Start of EXERCISE MATERIAL

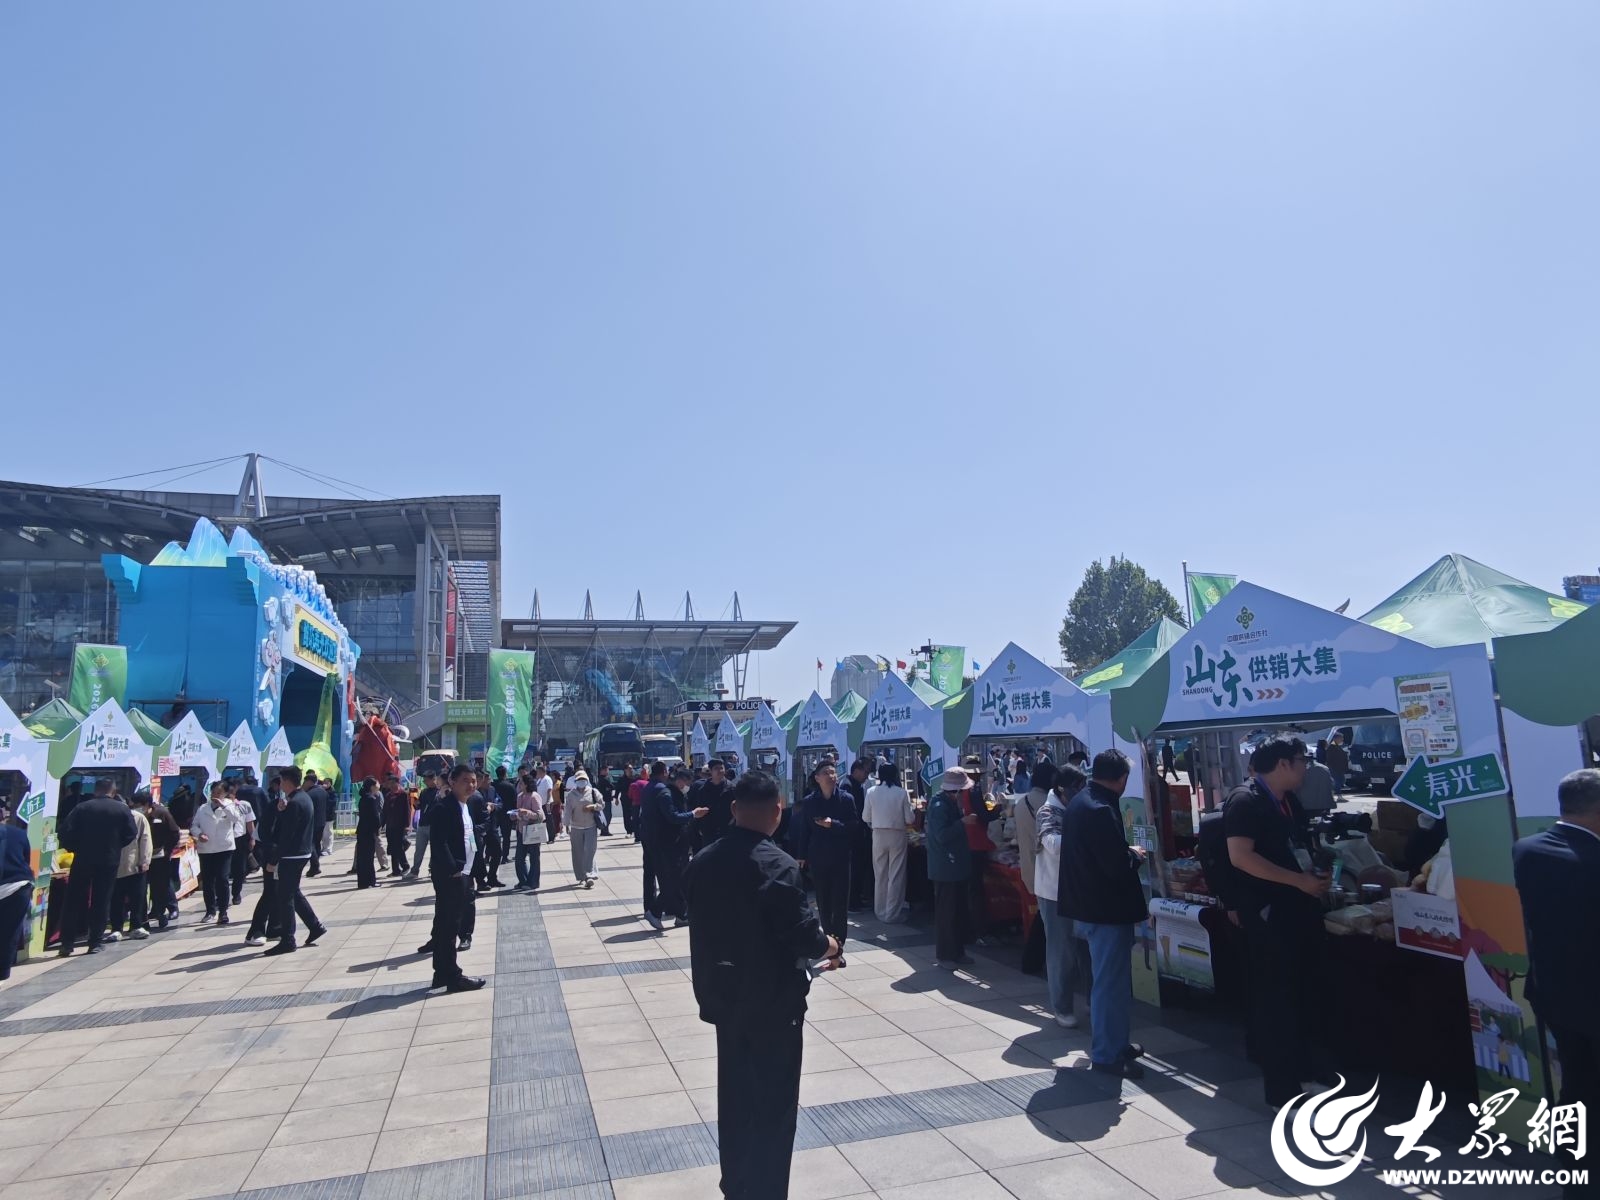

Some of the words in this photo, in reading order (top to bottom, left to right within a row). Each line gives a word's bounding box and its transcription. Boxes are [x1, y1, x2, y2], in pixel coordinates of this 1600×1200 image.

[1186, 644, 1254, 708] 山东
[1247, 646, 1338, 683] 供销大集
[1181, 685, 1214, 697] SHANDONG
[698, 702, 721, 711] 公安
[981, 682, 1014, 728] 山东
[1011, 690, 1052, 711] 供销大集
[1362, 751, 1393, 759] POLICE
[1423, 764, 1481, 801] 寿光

End of EXERCISE MATERIAL

• _EXERCISE_:
Exact transcription of the full listing above is required; images do not belong in it.

• _RESPONSE TO THIS TASK_:
Some of the words in this photo, in reading order (top to bottom, left to right within a row). Each line gives a word's bounding box and its transcription. Boxes are [x1, y1, x2, y2], in pixel coordinates of this 1600×1200 image.

[1186, 644, 1254, 708] 山东
[1247, 646, 1338, 683] 供销大集
[1181, 685, 1214, 697] SHANDONG
[698, 702, 721, 711] 公安
[981, 682, 1014, 728] 山东
[1011, 690, 1052, 711] 供销大集
[1362, 751, 1393, 759] POLICE
[1423, 764, 1481, 801] 寿光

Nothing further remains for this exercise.